The industry says that it would be discriminatory to leave large companies out of the legislation, while there are also divisions among MEPs regarding an EU-wide monitoring mechanism of the implementation.
The European Commission presented last April its much-awaited proposals for a directive to tackle UTPs in the food supply chain. EU farmers say they receive on average 21% of the share of the value of the agricultural product whilst 28% goes to processors and as much as 51% to retailers.
With these proposals, the executive aims to restore the imbalances in the food supply chain created by large operators against trading partners with weak bargaining power, such as individual farmers.
The unfair trading practices (UTPs) to be banned are late payments for perishable food products, last minute order cancellations, unilateral or retroactive changes to contracts and forcing the supplier to pay for wasted products.

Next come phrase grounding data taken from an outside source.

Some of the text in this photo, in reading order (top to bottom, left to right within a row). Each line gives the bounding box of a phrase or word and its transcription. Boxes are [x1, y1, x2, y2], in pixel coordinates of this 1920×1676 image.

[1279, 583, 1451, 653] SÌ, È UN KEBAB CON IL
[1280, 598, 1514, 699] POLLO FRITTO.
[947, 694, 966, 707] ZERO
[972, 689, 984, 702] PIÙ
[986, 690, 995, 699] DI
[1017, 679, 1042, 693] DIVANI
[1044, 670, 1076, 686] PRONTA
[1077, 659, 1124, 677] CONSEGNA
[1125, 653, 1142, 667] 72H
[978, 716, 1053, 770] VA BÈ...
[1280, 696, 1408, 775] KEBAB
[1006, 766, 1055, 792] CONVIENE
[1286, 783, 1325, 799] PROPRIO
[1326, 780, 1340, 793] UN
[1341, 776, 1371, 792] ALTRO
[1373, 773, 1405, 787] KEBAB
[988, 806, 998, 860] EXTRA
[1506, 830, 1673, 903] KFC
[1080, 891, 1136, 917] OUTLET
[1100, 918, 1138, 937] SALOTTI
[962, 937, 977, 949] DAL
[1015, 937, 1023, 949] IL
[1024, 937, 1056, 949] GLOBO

According to the Commission, the new proposals aim to grant farmers and small and medium-sized businesses “greater certainty and less need to manage risks over which they have little or no control”.
However, several MEPs and the industry are pushing for all suppliers, including large multinational companies, to be included in the legislation.

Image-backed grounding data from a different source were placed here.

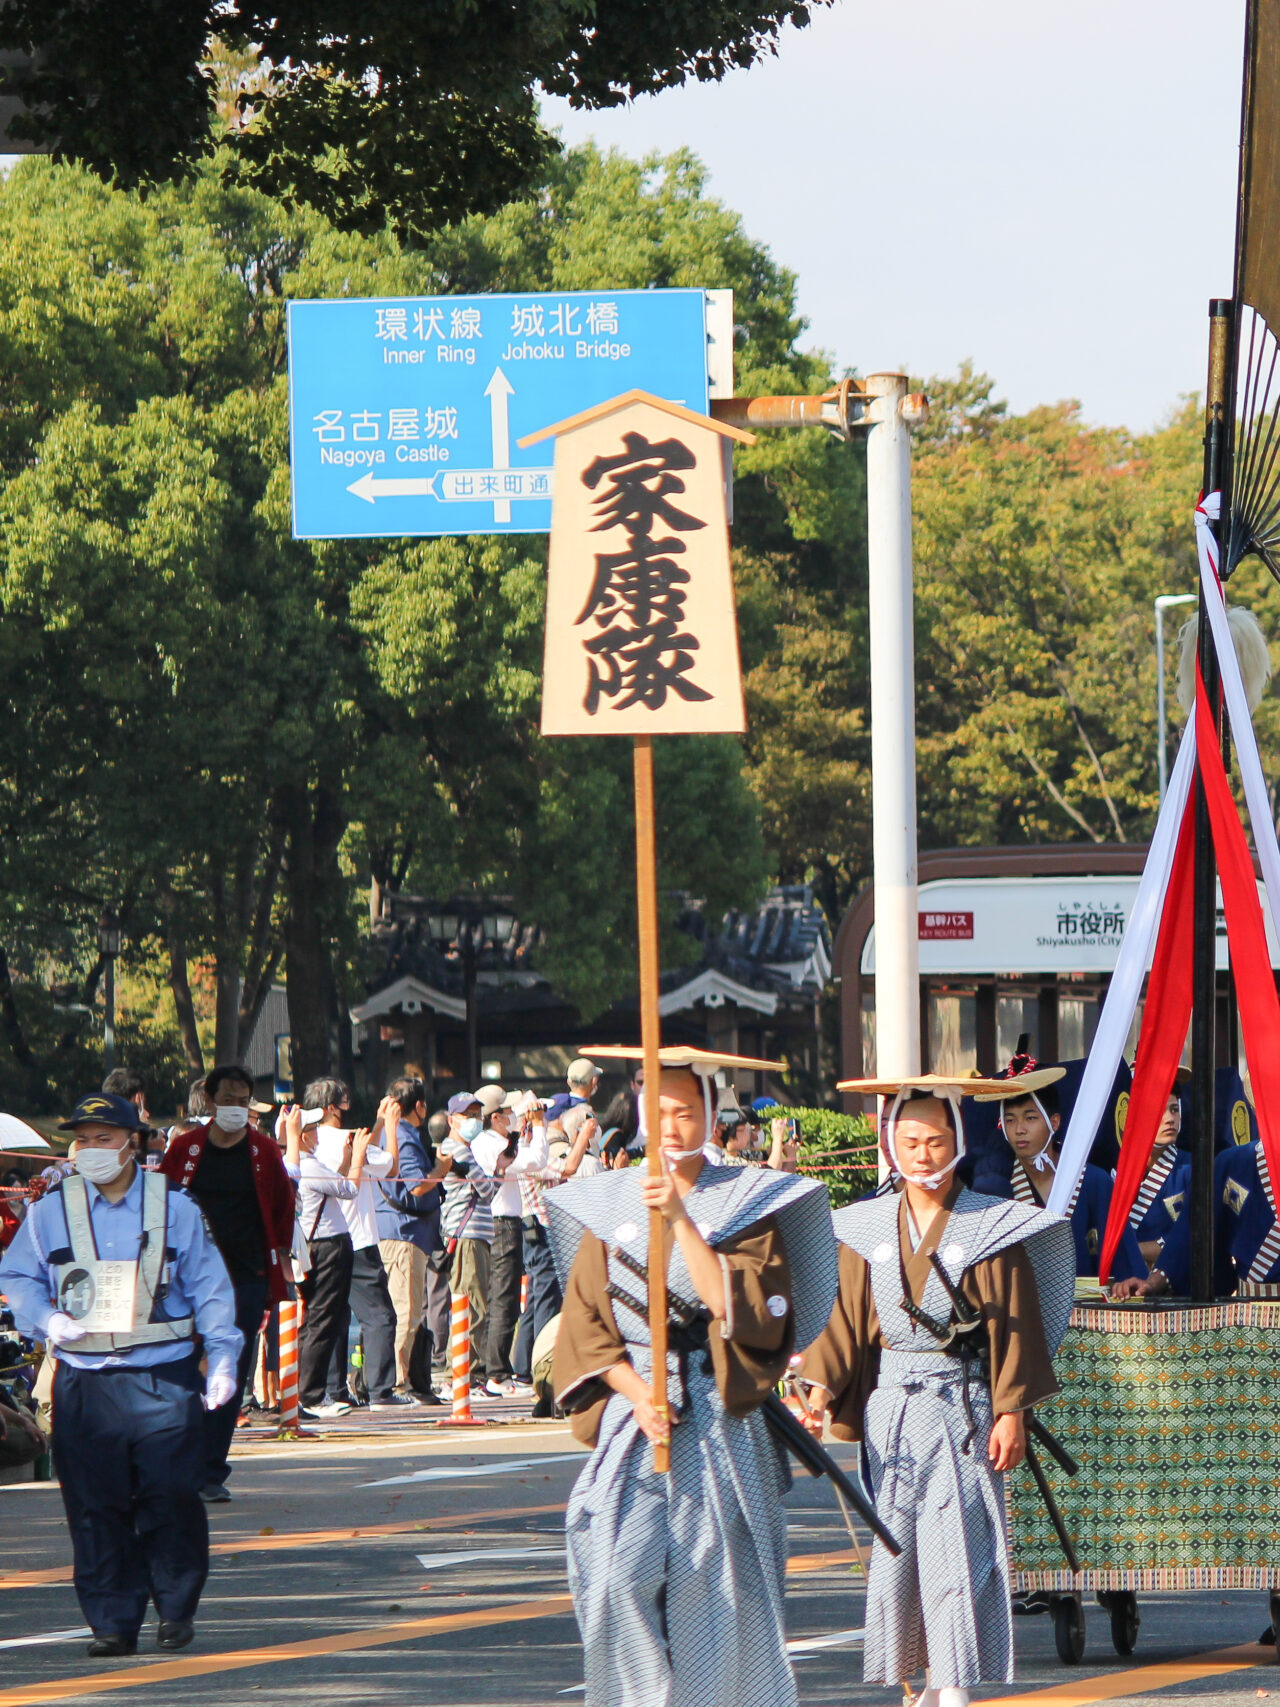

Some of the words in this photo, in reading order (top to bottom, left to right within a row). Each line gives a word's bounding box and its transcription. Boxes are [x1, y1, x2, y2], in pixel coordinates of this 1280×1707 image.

[375, 306, 483, 342] 環状線
[511, 302, 620, 338] 城北橋
[383, 347, 426, 364] Inner
[437, 346, 476, 365] Ring
[502, 343, 565, 360] Johoku
[575, 340, 631, 359] Bridge
[312, 405, 459, 444] 名古屋城
[320, 446, 386, 467] Nagoya
[396, 444, 449, 463] Castle
[454, 473, 550, 496] 出来町通
[572, 431, 715, 716] 家康隊
[1056, 912, 1125, 935] 市役所
[1036, 936, 1096, 948] Shiyakusho
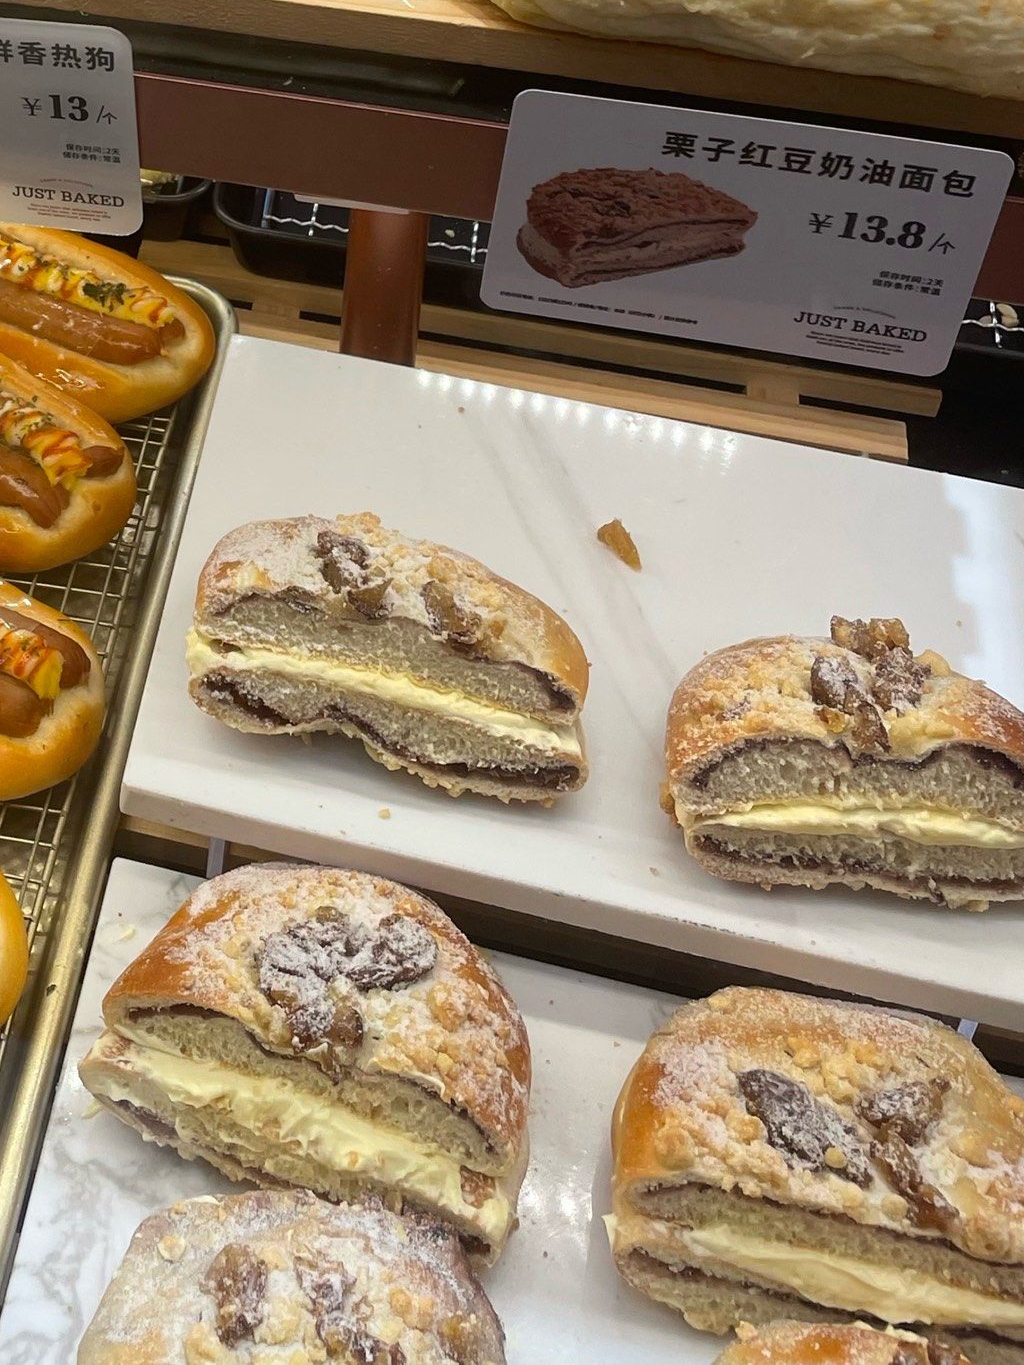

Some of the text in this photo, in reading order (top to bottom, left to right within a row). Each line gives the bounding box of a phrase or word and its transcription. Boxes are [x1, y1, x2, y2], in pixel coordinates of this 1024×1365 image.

What the political parties believe
According to Social Democrat MEP Paolo De Castro (S&D), who is also the rapporteur for the file, the European Parliament’s objective is to protect the farmers, who always suffer the domino effect of these practices.
“Who do you think will carry on their shoulders the economic consequences of an unfair trading practice? The big multinational companies or our farmers? The answer is easy: the weakest part of the chain, our farmers,” he told EURACTIV.

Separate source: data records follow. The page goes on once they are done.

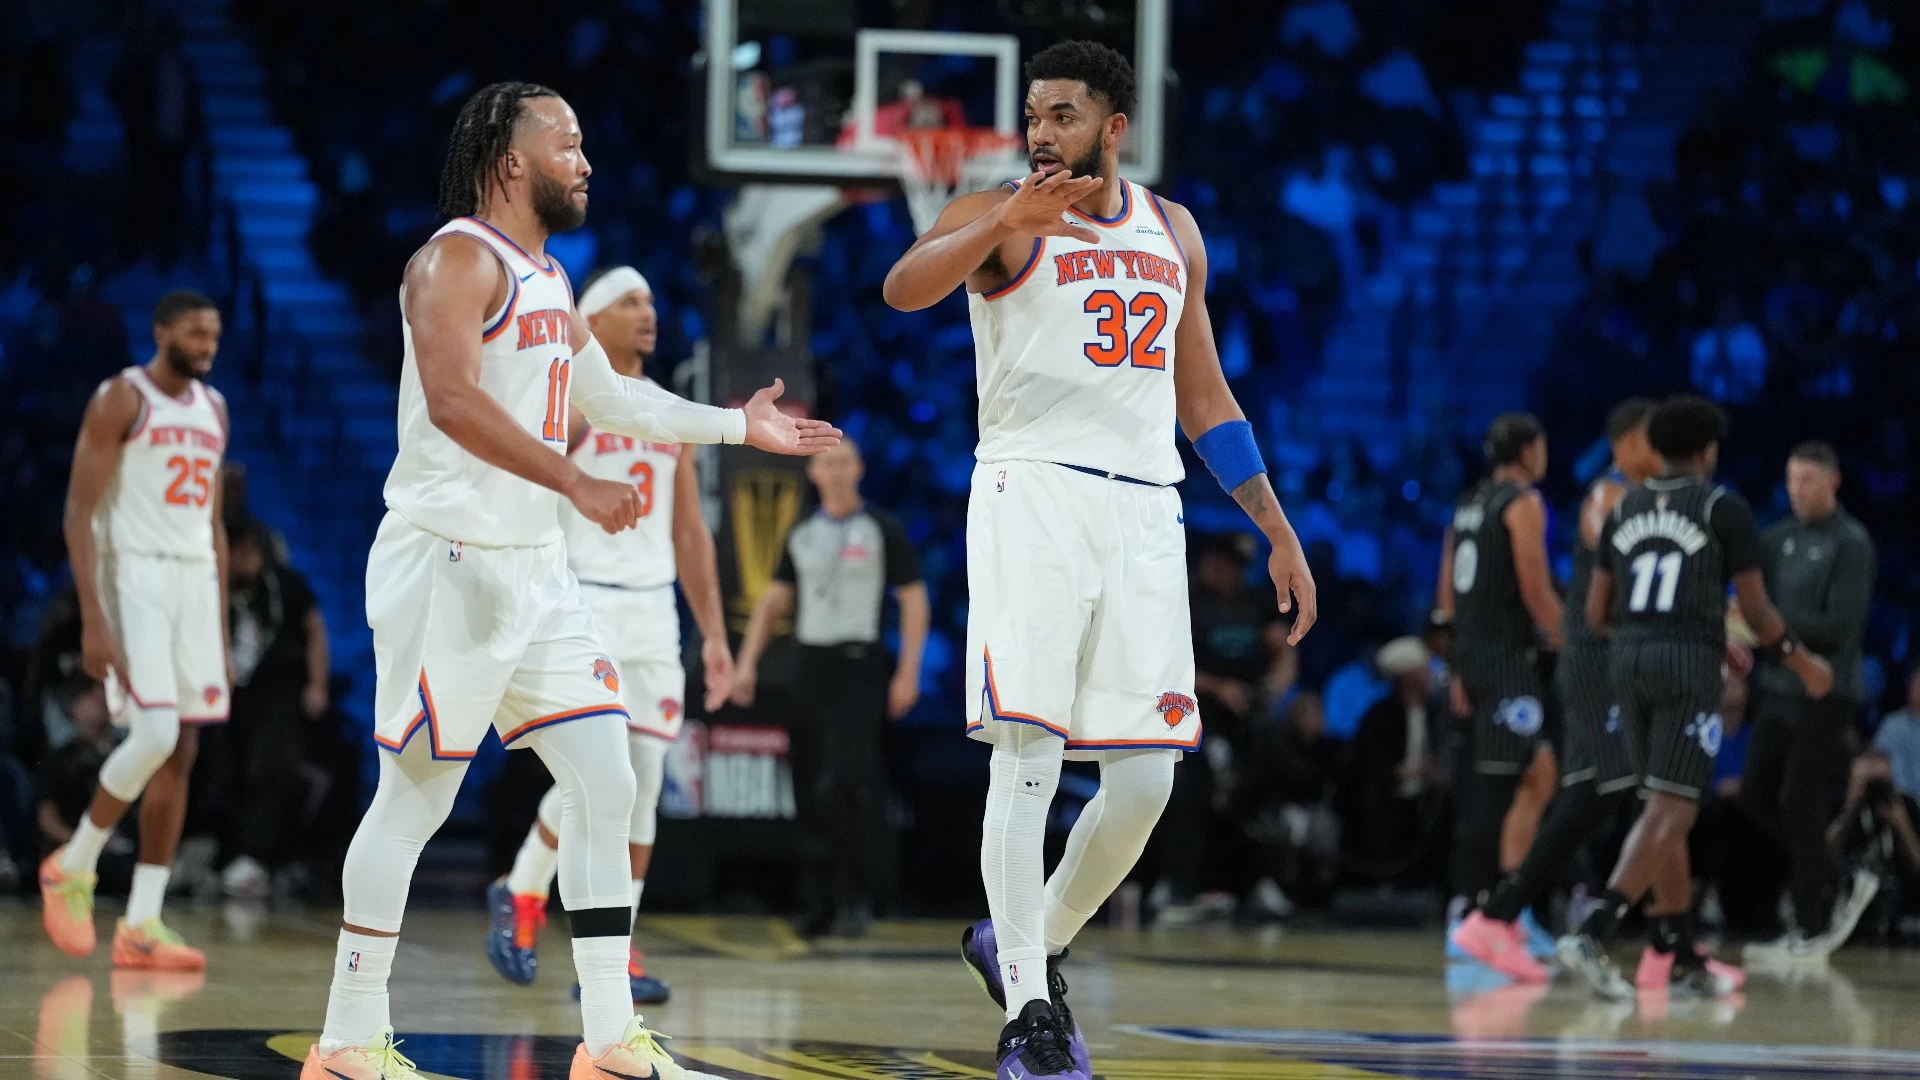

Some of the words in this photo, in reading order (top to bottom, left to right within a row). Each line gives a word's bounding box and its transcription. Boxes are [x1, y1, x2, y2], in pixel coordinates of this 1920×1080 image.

[1054, 249, 1115, 287] NEW
[1117, 250, 1182, 295] YORK
[517, 309, 558, 351] NEW
[1084, 290, 1167, 371] 32
[543, 357, 569, 442] 11
[165, 455, 212, 508] 25
[629, 462, 653, 516] 3
[1629, 551, 1683, 612] 11

The Italian politician explained that EU farmers, with a limited bargaining power, will accept to receive a lower remuneration for their products with the consequence of “lower levels of quality in order not to go bankrupt, to the final detriment of European consumers”.
On the other side of the political spectrum, the centre-right European People’s Party (EPP) is in favour of extending the scope to all suppliers, including big multinational companies.
Mairead McGuinness, a Fine Gael Party MEP (EPP), said the scope of the Directive is on the agenda as there is a push in the Parliament’s Agriculture Committee to include all suppliers and the discussion is ongoing about the consequences of so doing.
“I am also mindful that colleagues, who do not sit on the Parliament’s agriculture committee, from across the political groups are aware of this significant change to the Commission’s proposal,” she noted, adding that amendments that risk-reducing support for the initiative should not be allowed to delay the adoption of UTPs proposals.
British MEP Anthea McIntyre from the European Conservatives and Reformists (ECR) is clearly in favour of widening the scope.
“This is about fairness…and what is good for SMEs should be good for bigger suppliers too. Despite their size, they can be just as vulnerable to mistreatment by major retailers because of the scale of their exposure,” the conservative MEP said.
“Big retailers and processors use their muscle to lever the biggest share of the profits – but without growers large or small there would be no profit at all. There must be a balance,” she added.
Industry: Avoid discrimination
FoodDrinkEurope, which represents EU food and drink manufacturers, welcomed the Commission’s legislative initiative as a step in the right direction toward a fairer and more sustainable food supply chain.
Hubert Weber, President of FoodDrinkEurope and Executive Vice-President & President Europe of Mondelēz International, told EURACTIV that the proposal has the potential to create a minimum standard of harmonisation at the EU-level “without putting at risk well-functioning systems which are already in place”.
“Nevertheless, it is worth remembering that UTPs do not discriminate by the size of the supplier. So, the scope of the proposed Directive needs to be extended to all players in the food supply chain, regardless of their size, as the Directive would therefore impact all commercial relations,” Weber emphasised.
He focused on the interdependence of farmers and the food and drink industry, which buys some 70% of all EU agricultural raw materials, but also provides EU farmers with a steady market.
“The strong ties between farmers and industry are not new but there is a renewed urgency to further strengthen these ties. For example, trade liberalisation has opened up new market opportunities in third countries for the industry and for farmers, but it has also brought increased international competition.”
Another issue related to UTPs proposals is the lack of a single EU mechanism to monitor the implementation. De Castro said the directive should adjust to the varying conditions of the market.
“This is why we are asking the Commission to evaluate the first outcomes of this Directive already after three years, in order to have a clear view of what is working and what should be added, improved or modified.”
The Italian socialist backed the idea of appointing a European regulator to enforce and monitor EU legislation in the chain, while EPP’s McGuinness said that before proposing an EU wide monitoring mechanism, a review of the implementation and effectiveness is needed.